As we turn the page toward a new year, some people may start freshly motivated by creating New Year’s Resolutions. However, when asked, nearly all students denied making resolutions. Considering making New Year’s resolutions can raise self-esteem and lead to positive changes, this find was quite surprising.  

So, why don’t students make resolutions? Many believed following through with their resolutions would always be a failure. 

“If I do make resolutions, I kinda know I’m just not gonna follow through with it” Alexa Last, sophomore, said. Students’ rationale seemed to be; “Why make them when you know you won’t follow through?”

Another response had nothing to do with failure to complete the resolution, but the overall idea of New Year’s resolutions. “I try to better myself all year round, not just at the start of the year, so I never saw the point in making them,” Katie Haza, sophomore, said.  

Students also described themselves as lazy, and more often than not, their responses were very pessimistic. There was also a general lack of knowledge on the benefits of making the resolutions. 

The impact of making New Year’s resolutions goes way beyond just completing a goal.
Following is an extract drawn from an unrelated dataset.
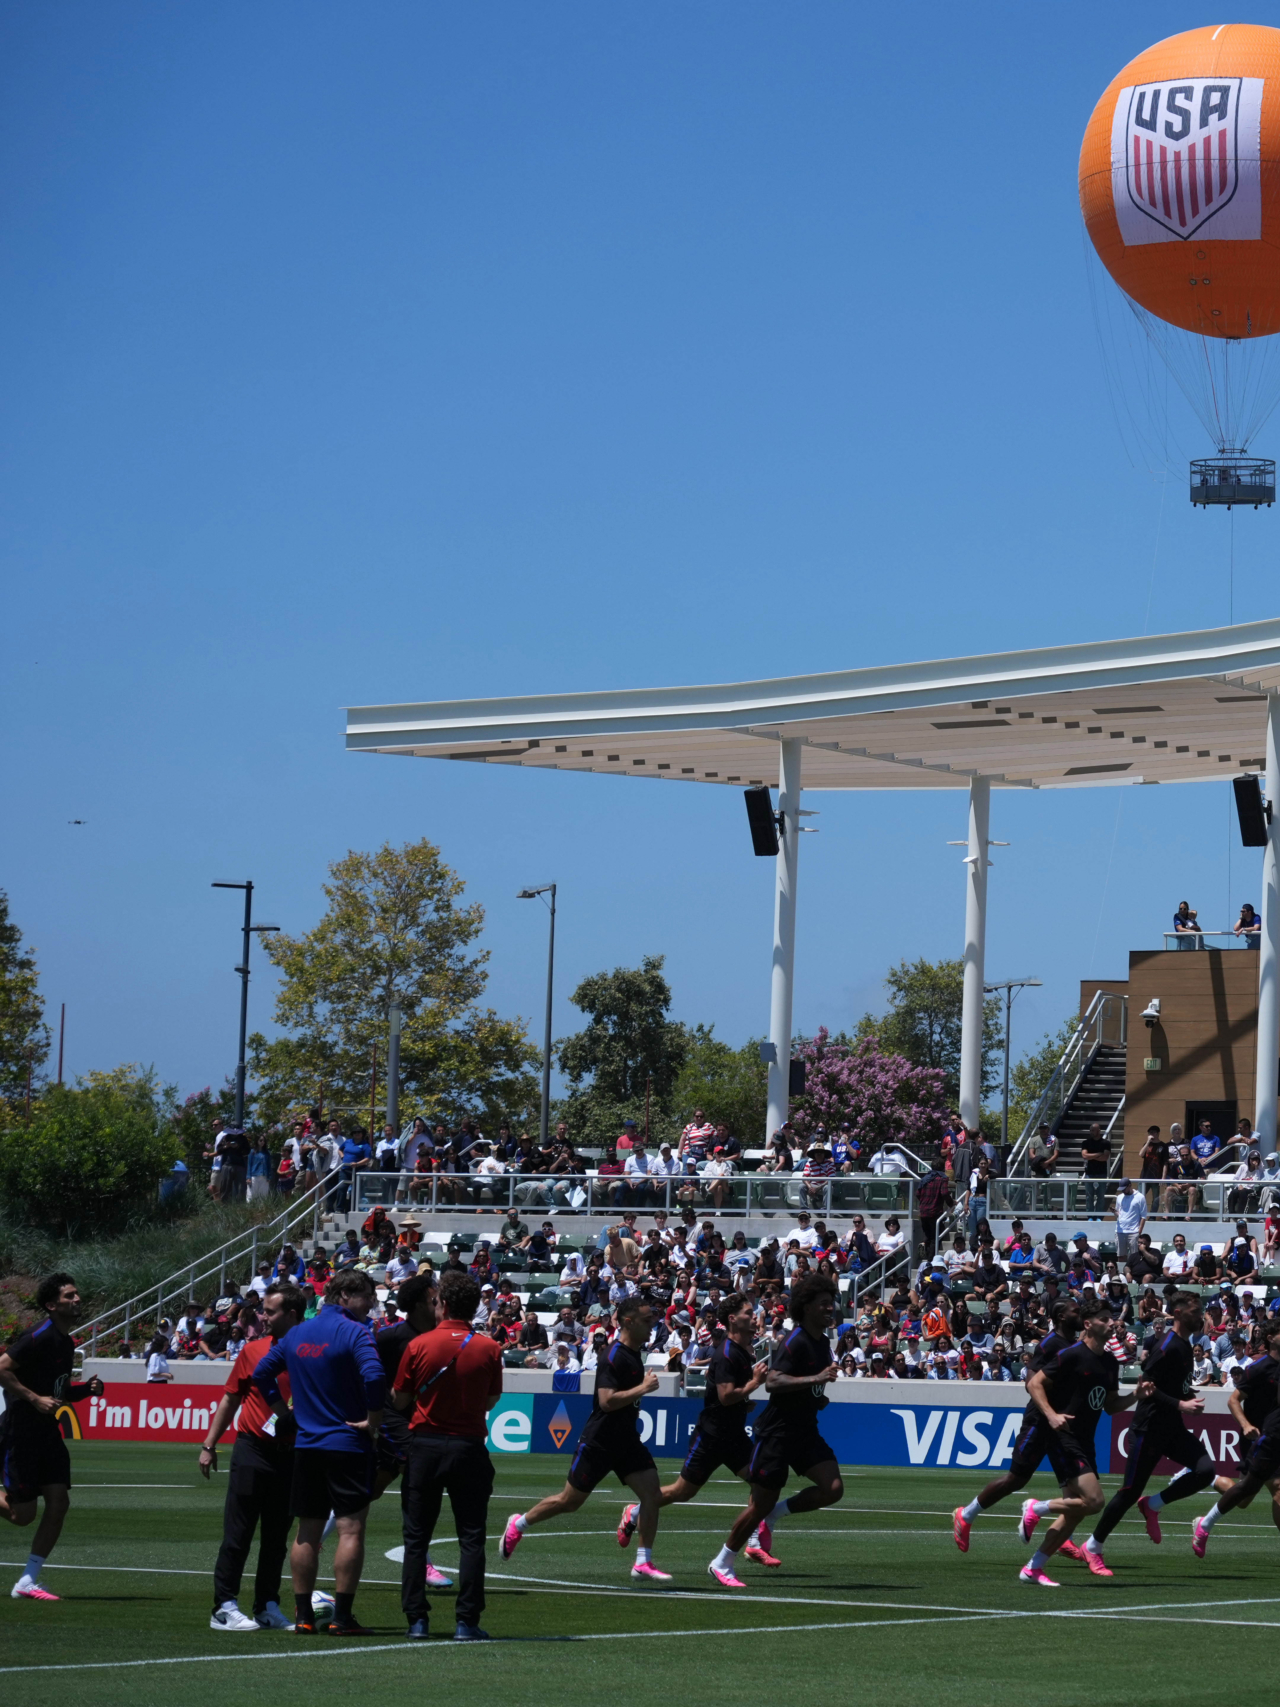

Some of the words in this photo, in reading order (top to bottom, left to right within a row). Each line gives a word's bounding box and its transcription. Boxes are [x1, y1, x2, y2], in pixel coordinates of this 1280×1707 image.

[1134, 85, 1231, 142] USA
[89, 1396, 131, 1427] i'm
[138, 1398, 217, 1430] lovin'
Resolutions that are kept provide a sense of accomplishment when you follow through with them promoting your self-esteem. Achieving the goal you set will only boost your confidence and inspire you to keep achieving new things. 

“I think if I made resolutions and actually followed through with them, I would be proud of myself and determined to keep following those and new ones,” Lauren Hain, sophomore, said. 

They also symbolize a desire to better yourself and lead to positive changes. Forcing you to self-reflect, new year’s resolutions help you create the best version of yourself inspiring growth from one year to the next.

Research has also supported the idea that those who make New Year’s resolutions are more likely to be successful in the future. A 2020 study from peer-reviewed science journal PLOS One found the comparative results of 159 people who make New Year’s resolutions and 123 people who did not make New Year’s resolutions who were interested in changing a problem. It was determined that “the resolvers reported higher rates of success than the non-resolvers.” The success rates were 46% to 4%. People who make resolutions tend to be more efficient in completing their goals than those who do not. 

By not making resolutions, you can be spiting yourself of future success. With 2021 coming to a close, start off the New Year on the right foot, and take the opportunity to create a resolution.